Today, most people will tell you that they have some sort of understanding of how solar panels work. After all, the concept is pretty simple, right? Panels installed on a roof absorb the sun’s energy and use it to power a person’s home or business.  

The thing is, how does this happen? How can we get power from sunlight, and not only that but how does that power get converted into something that works with the electrical systems and appliances in our homes? Most solar professionals will tell you that while homeowners understand the general concept of solar PV, they are often less likely to understand the specifics.  

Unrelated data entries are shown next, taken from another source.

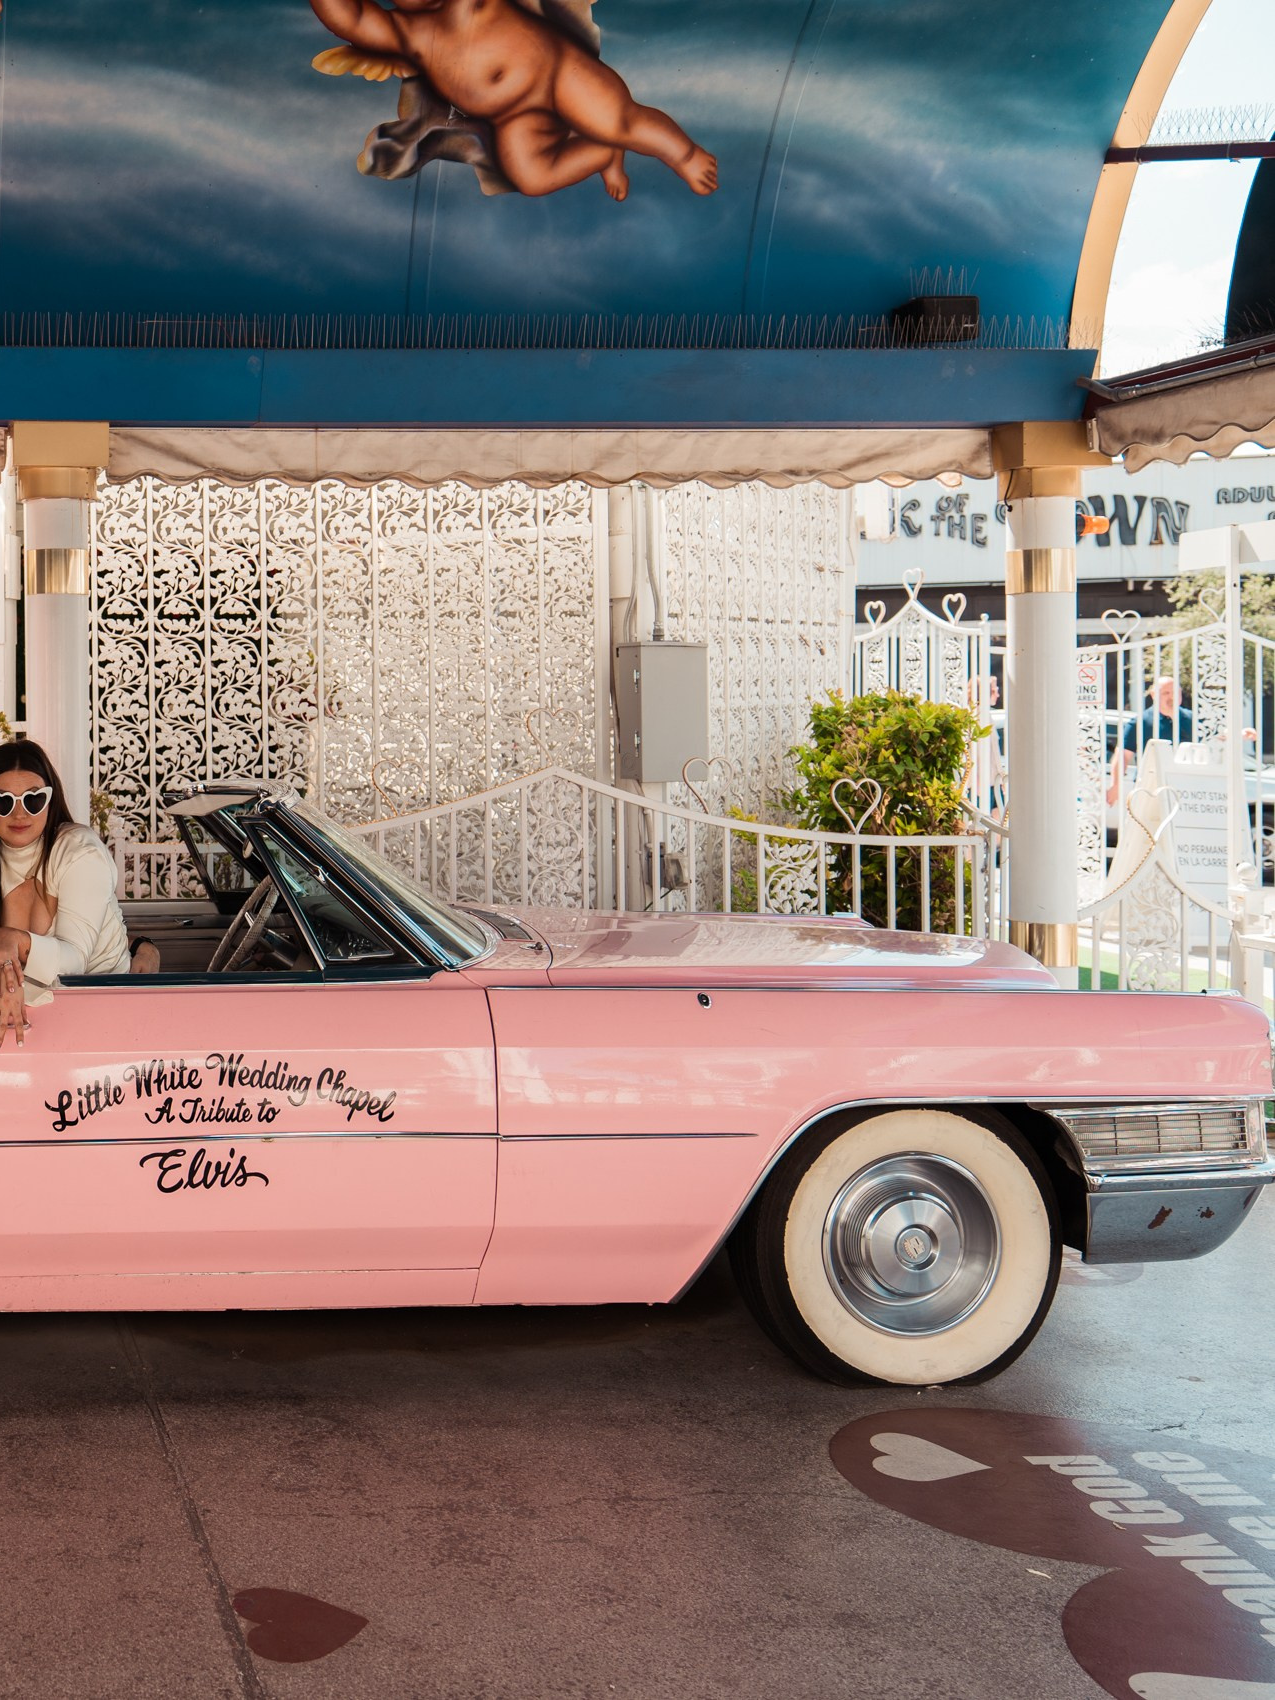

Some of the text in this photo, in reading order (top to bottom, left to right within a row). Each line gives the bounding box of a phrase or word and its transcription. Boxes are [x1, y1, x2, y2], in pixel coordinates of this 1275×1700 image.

[936, 493, 969, 514] OF
[1216, 486, 1275, 504] ADUL
[930, 513, 988, 548] THE
[1190, 790, 1207, 801] NOT
[1208, 791, 1228, 802] STAN
[1183, 803, 1199, 813] THE
[1200, 804, 1228, 815] DRIVE
[1177, 845, 1228, 856] NO PERMANE
[1179, 857, 1228, 868] EN LA CARRE
[44, 1052, 395, 1132] Little White Wedding Chapel
[145, 1097, 281, 1125] A Tribute to
[139, 1148, 269, 1193] Elvis
[1022, 1455, 1275, 1646] ank God
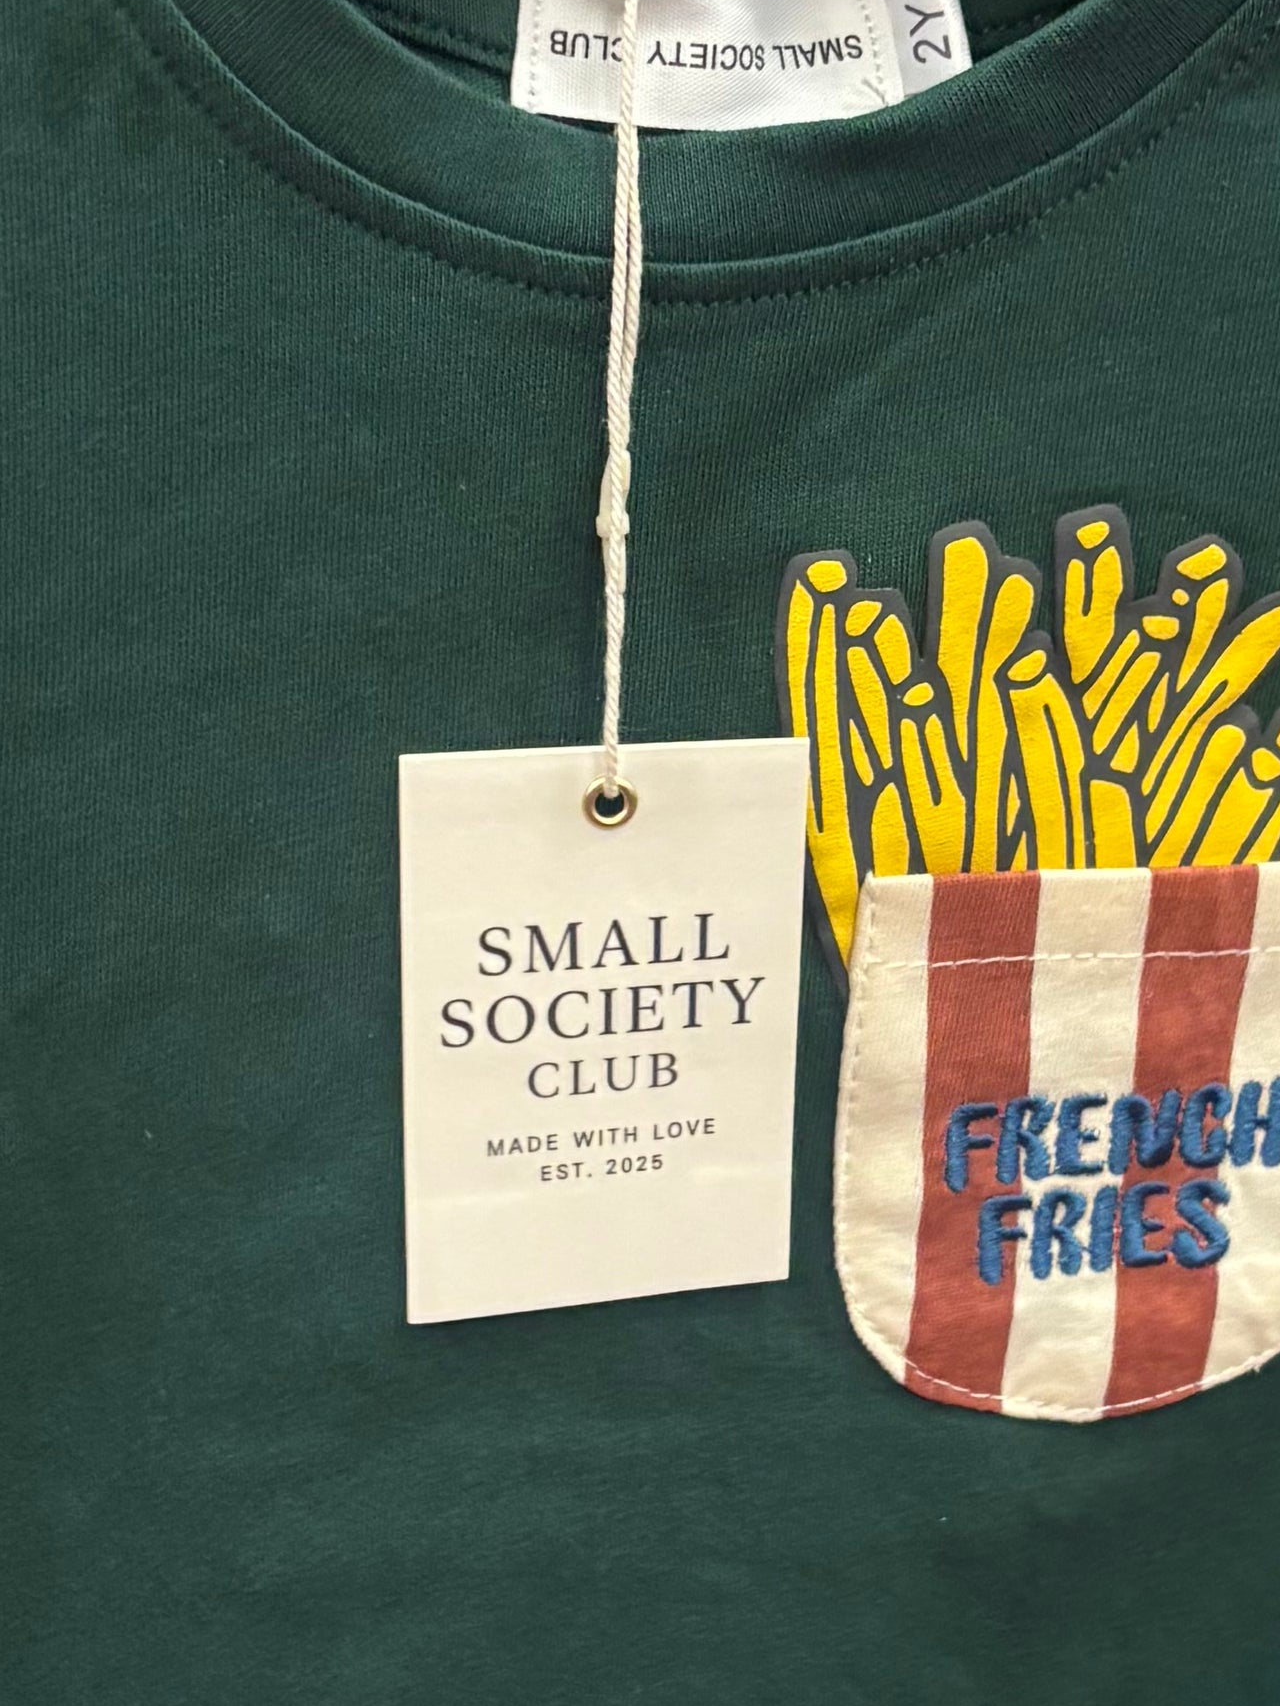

Today, we will explain the exact process by which a solar photovoltaic (PV) system produces electricity, take a closer look at the components of a solar PV system, and explain what happens to any of the surplus energy generated by a solar system. 

What is a Solar Photovoltaic System? 

A solar photovoltaic system, commonly referred to as a solar PV system, combines everything necessary for sunlight to be gathered and converted into usable power. This includes the solar panels themselves, the materials used to anchor the panels to the roof, and the inverter used to convert your electricity, amongst other things.  

Just buying and installing PV panels won’t be enough to convert sunlight into electrical power. More components are at play when generating free, renewable energy for a home. Before we get to how solar photovoltaic systems produce electricity, it’s essential to understand what role each component of a PV system plays in generating power.  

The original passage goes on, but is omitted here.